Typical meningioma specimen malignancy grade I showing an example of the common transitional meningioma with multiple whorles (a few marked with arrows).

Meningiomas generally expand and displace but do not invade adjacent brain or spinal chord. Invasion of the dura and skull does occur and has no significance for malignancy grading. Invasion of the skull may elicit an osteoblastic reaction. Brain invasion can occur in meningiomas of all malignancy grades and indicates a greater likelihood of recurrence, but is not considered sufficient criteria alone to increase the malignancy grade.

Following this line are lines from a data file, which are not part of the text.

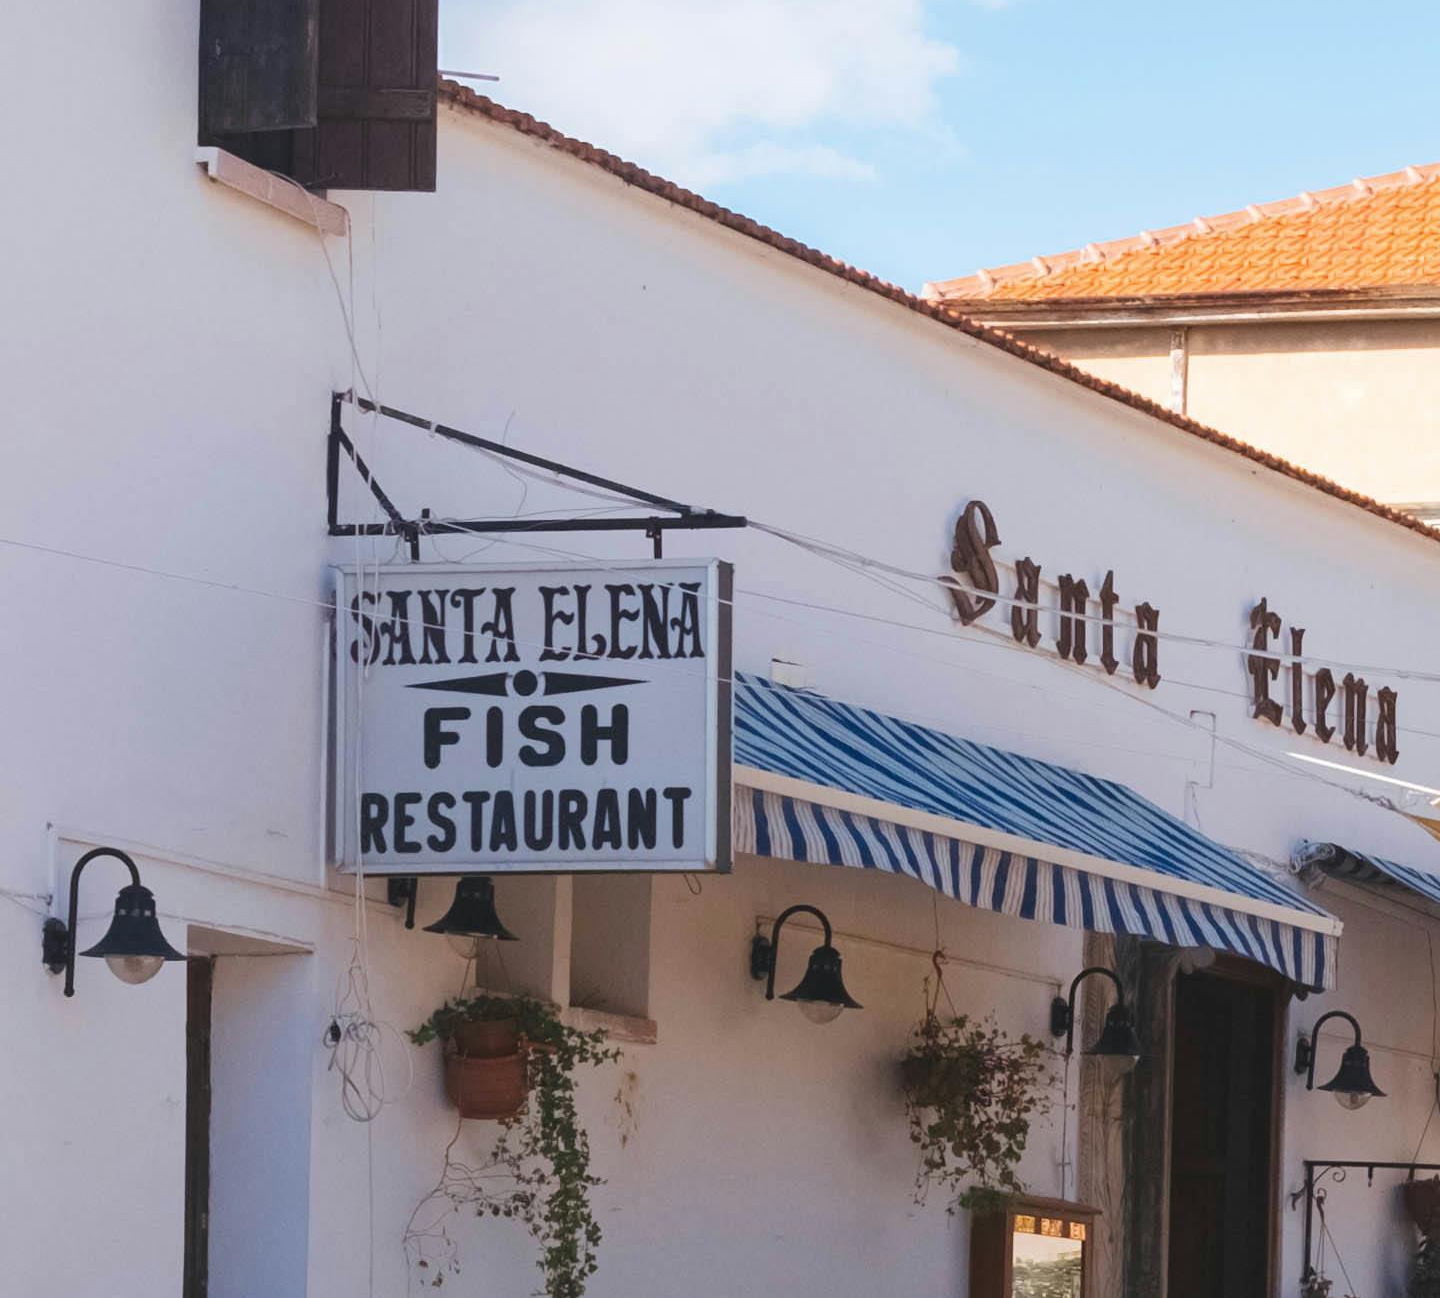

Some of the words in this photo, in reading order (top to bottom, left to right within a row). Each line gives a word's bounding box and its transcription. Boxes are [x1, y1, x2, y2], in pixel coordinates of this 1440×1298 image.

[350, 588, 521, 666] SANTA
[539, 582, 705, 661] ELENA
[937, 499, 1161, 689] Santa
[1247, 597, 1399, 765] Elena
[423, 704, 629, 768] FISH
[361, 787, 692, 854] RESTAURANT
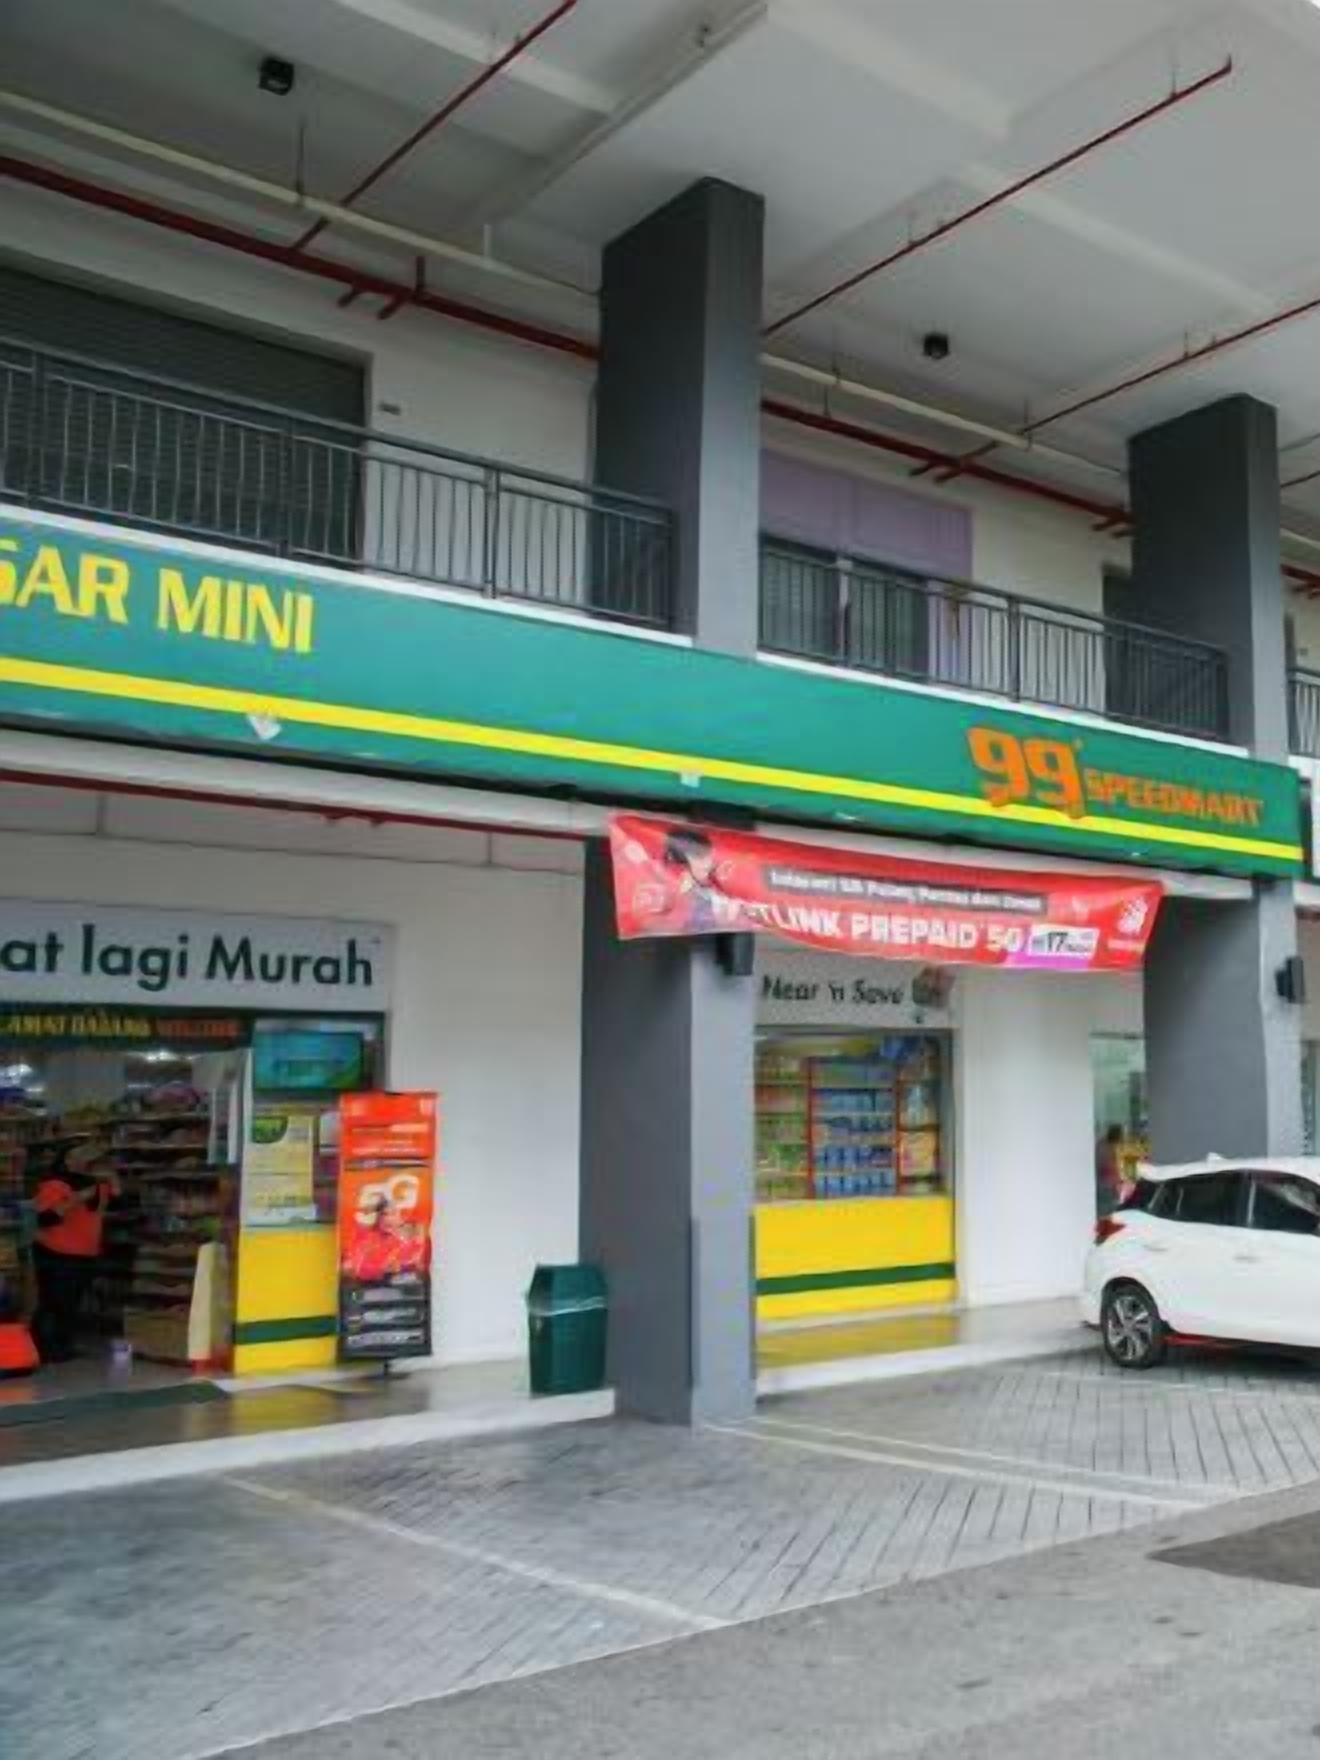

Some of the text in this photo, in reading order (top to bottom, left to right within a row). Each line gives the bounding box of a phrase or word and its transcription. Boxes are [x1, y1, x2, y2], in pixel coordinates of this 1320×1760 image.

[157, 567, 313, 654] MINI
[966, 726, 1264, 828] 99 SPEEDMART
[81, 923, 190, 992] lagi
[204, 935, 373, 986] Murah
[851, 911, 978, 949] PREPAID

The higher incidence of meningiomas in women, the apparent manifestation of tumours during pregnancy, and the association of meningiomas with breast and genital cancer have suggested oestrogen and progesterone dependency of the tumours. Meningiomas generally express progesterone receptors and some cases also express oestrogen receptors.

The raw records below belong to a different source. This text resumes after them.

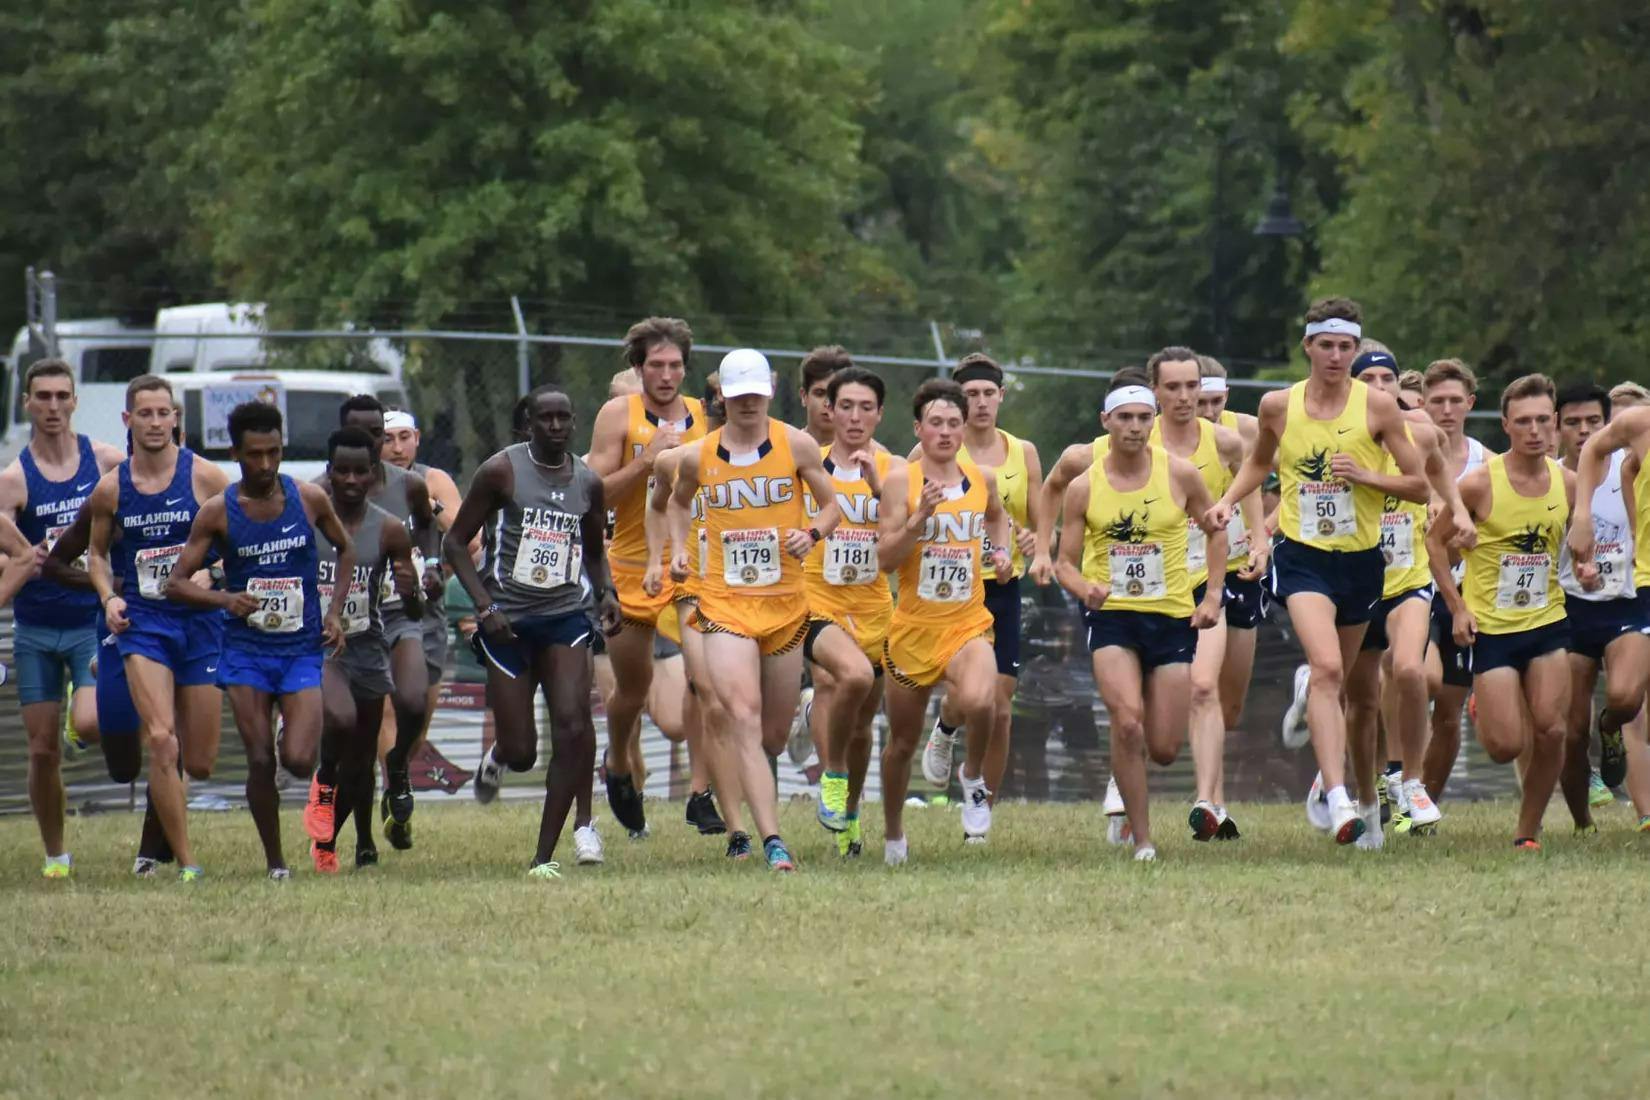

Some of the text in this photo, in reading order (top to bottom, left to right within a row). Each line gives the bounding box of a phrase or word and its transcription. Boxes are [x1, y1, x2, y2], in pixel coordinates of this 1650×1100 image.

[701, 476, 793, 511] UNC
[1316, 501, 1336, 517] 50
[57, 511, 78, 524] CIT
[123, 510, 191, 528] OKLAHOMA
[142, 524, 171, 537] CITY
[238, 535, 307, 556] OKLAHOMA
[258, 552, 288, 565] CITY
[530, 548, 559, 567] 369
[732, 548, 771, 565] 1179
[833, 548, 870, 564] 1181
[929, 566, 967, 582] 1178
[1125, 563, 1145, 579] 48
[1516, 573, 1535, 588] 47
[260, 597, 288, 612] 731

Meningiomas were one of the first solid tumours in humans to be shown to have consistent chromosomal abnormalities, the loss of one copy of chromosome 22.97 The fact that the second most common tumour in neurofibromatosis type 2 patients was meningioma pointed to the NF2 gene as a target on chromosome 22. Loss of wild copy NF2 is found in roughly half of sporadic and the majority of NF2 associated meningiomas. In the sporadic cases this is usually by the loss of one copy (monosomy 22) and mutation of the retained copy. The NF2 gene encodes a protein known variously as merlin98 or schwannomen.99 This protein has been shown to be involved in control of cell growth and motility in culture.100,101 Genetically engineered mice with only one wild-type allele have been shown to develop many tumour forms102 while tissue specific inactivation in Schwann cells or leptomeningeal cells results in schwannoma or meningioma formation, respectively.103,104

As stated above meningiomas may progress from grade I tumours to tumours of higher malignancy grade. This is associated with losses on chromosomal arms 1p, 6q, 9p, 10p and q, 14q, 18q, as well as gains and some amplifications on many other chromosomes.105–113 The genes targeted by these abnormalities are mostly unknown, but the losses on 9p are associated with loss of both wild-type copies of CDKN2A, p14ARF, and CDKN2B as is commonly seen in the de novo glioblastomas and anaplastic oligodendrogliomas.113


The goal for all histopathology is to provide—on the basis of an analysis of the tissue received—as much useful information as possible to the clinician, informing him/her of all the details of any pathological process present, and forming the basis for the choice of the most appropriate treatment, and a judgement of prognosis. Up until relatively recently this process was mainly based on a morphological analysis. However, as different forms of treatment become more and more based on targeting molecular mechanisms, the analysis of the specimens received must be extended to provide relevant data. This has already occurred—examples include determination of oestrogen receptor, or HER2 expression in breast cancer, which will determine whether the patient will benefit from tamoxifen or herceptin treatment. New technologies currently being introduced will permit a detailed analysis of the genome and transcriptosome of clinical material impossible in the past and the integration of genetic and expression data with the histological information. Eventually we can hope that the molecular information will provide the basis for specific treatments that will only annihilate brain tumour cells, leaving the brain and the rest of the patient unharmed.